Una simulazione sui quattro diversi modi di adesione alla previdenza complementare disponibili per i lavoratori italiani mostra che il risultato ottenuto con i fondi pensione è generalmente superiore a quello conseguibile con il Tfr per tutti gli orizzonti d’investimento. I benefici della previdenza complementare possono però essere pesantemente decurtati, e in taluni casi annullati, dalle commissioni sopportate dai lavoratori. E nella scelta si dovrebbe anche tener conto della disponibilità ad accettare rischi sugli investimenti previdenziali.

Dieci milioni di lavoratori dipendenti del settore privato hanno oramai solo cinque giorni di tempo per decidere se mantenere il trattamento di fine rapporto (Tfr) nella sua forma attuale o se invece farlo confluire in una forma pensionistica complementare.
L’evidenza disponibile sembrerebbe indicare che molti lavoratori sono intenzionati a mantenere il Tfr così com’è. (1) Ciò riflette non solo il forte radicamento di questo istituto nel tessuto sociale italiano, ma anche le difficoltà di comprendere i potenziali vantaggi e i rischi connessi con la scelta, irreversibile, di destinare il Tfr a un fondo pensione. Crediamo quindi sia utile analizzare i possibili vantaggi/svantaggi delle diverse opzioni a disposizione dei lavoratori italiani. (2)

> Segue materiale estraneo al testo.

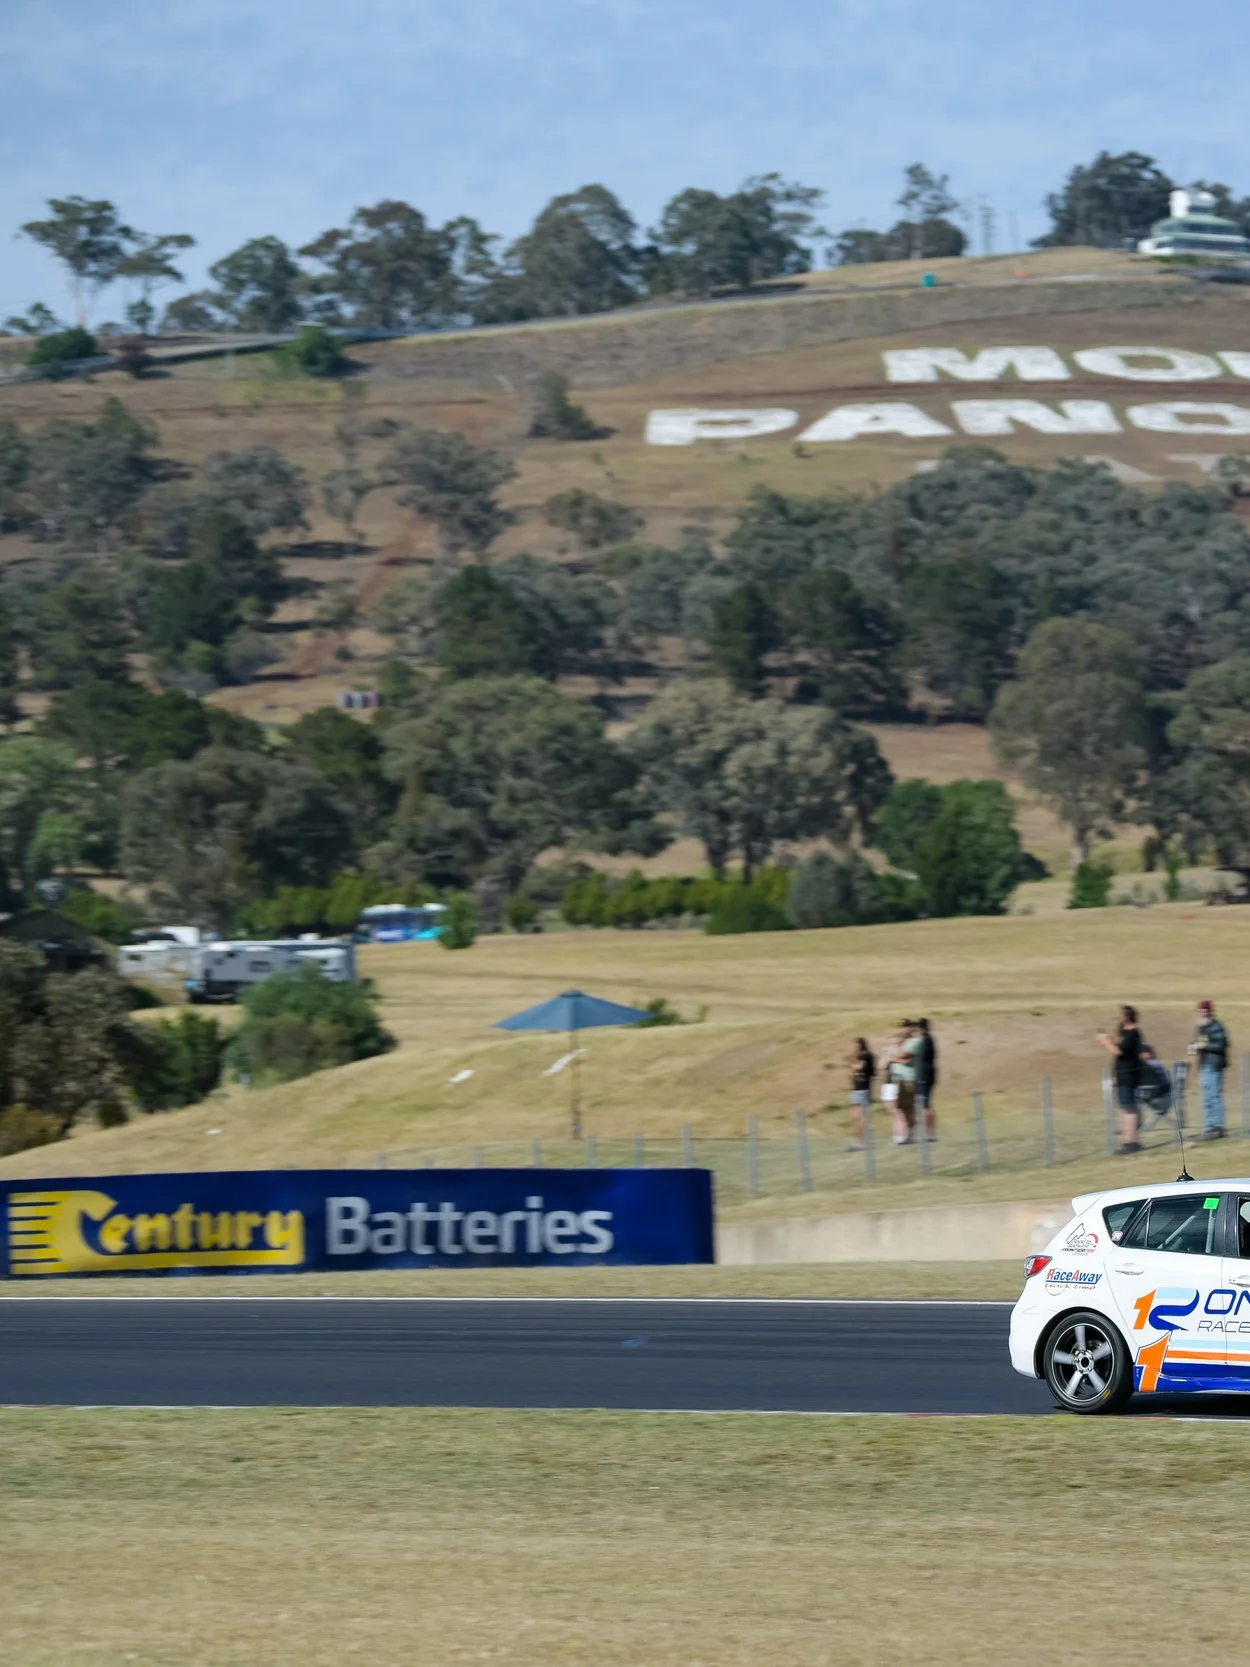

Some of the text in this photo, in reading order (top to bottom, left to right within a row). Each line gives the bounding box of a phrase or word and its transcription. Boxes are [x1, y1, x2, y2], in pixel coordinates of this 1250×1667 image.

La scelta tra Tfr e previdenza integrativa

La tavola 1 riporta un confronto tra Tfr e fondi pensione per i quattro diversi modi di aderire alla previdenza complementare disponibili per i lavoratori italiani. Il primo caso è quello di un lavoratore (definito nella tavola “Corto”) che decide di destinare il solo Tfr al fondo di categoria (fondo negoziale), caratterizzato da costi di gestione relativamente contenuti, 0,6 per cento all’anno, pari alla media semplice dei fondi negoziali. (3) Il secondo caso si riferisce al lavoratore (nella tavola definito “Aperto”) che destina invece il Tfr a un fondo pensione aperto, più costoso, con commissioni di gestione pari all’1,4 per cento all’anno, pari alla media dei fondi pensione di questo tipo. Nel terzo caso il lavoratore (“Todo”) aderisce al fondo negoziale in modo esplicito e vi conferisce non solo il Tfr ma anche un contributo aggiuntivo, che in base alle norme vigenti gli consente di fruire della contribuzione del datore di lavoro. Nell’ultimo caso il lavoratore (“Tacito”) destina il Tfr ai fondi pensione attraverso il silenzio-assenso; ciò implica che i suoi contributi previdenziali verranno automaticamente destinati alla linea garantita del fondo negoziale.
La tavola 1 riporta lo scarto percentuale tra il valore finale di un investimento nei fondi pensione rispetto al caso in cui si scelga di conservare in azienda il Tfr alle attuali regole del codice civile (articolo 2120), distinguendo il contributo di ciascuno dei quattro elementi che concorrono a determinare il risultato finale: (i) la possibilità di ottenere rendimenti più elevati; (ii) il contributo a carico del datore di lavoro; (iii) i costi annui di gestione a carico degli aderenti ai fondi pensione; (iv) la diversa tassazione. I calcoli effettuati nelle simulazioni ipotizzano che il Tfr e le linee di investimento garantite dei fondi pensione abbiano un rendimento del 3 per cento (al lordo delle imposte e, per i fondi, dei costi). Per le altre modalità di investimento nei fondi pensione si è invece ipotizzato un rendimento lordo leggermente superiore (5 per cento) e pari a quello ottenibile investendo sui mercati finanziari. Dato il legame tra rendimento del Tfr e inflazione (4) le nostre ipotesi implicano un tasso d’inflazione del 2 per cento e dunque un rendimento reale dell’1 per cento per il Tfr e del 3 per cento per gli investimenti sui mercati finanziari. Inoltre, al fine di rendere confrontabili le diverse strategie di investimento, a tutti i lavoratori è stato attribuito un investimento di ammontare complessivo pari a quello effettuato da Todo: si ipotizza pertanto che Corto, Tacito e Aperto effettuino investimenti aggiuntivi di tasca propria destinati al mercato finanziario (Corto e Tacito) o al fondo aperto (nel caso di Aperto). I risultati si riferiscono a un lavoratore con aliquota Irpef minima (pari al 23 per cento). Tenendo conto di tutti questi elementi, la tavola confronta (in termini di scarto percentuale) il valore finale dell’investimento per i nostri quattro lavoratori con il caso benchmark in cui il lavoratore opti per mantenere il Tfr in azienda.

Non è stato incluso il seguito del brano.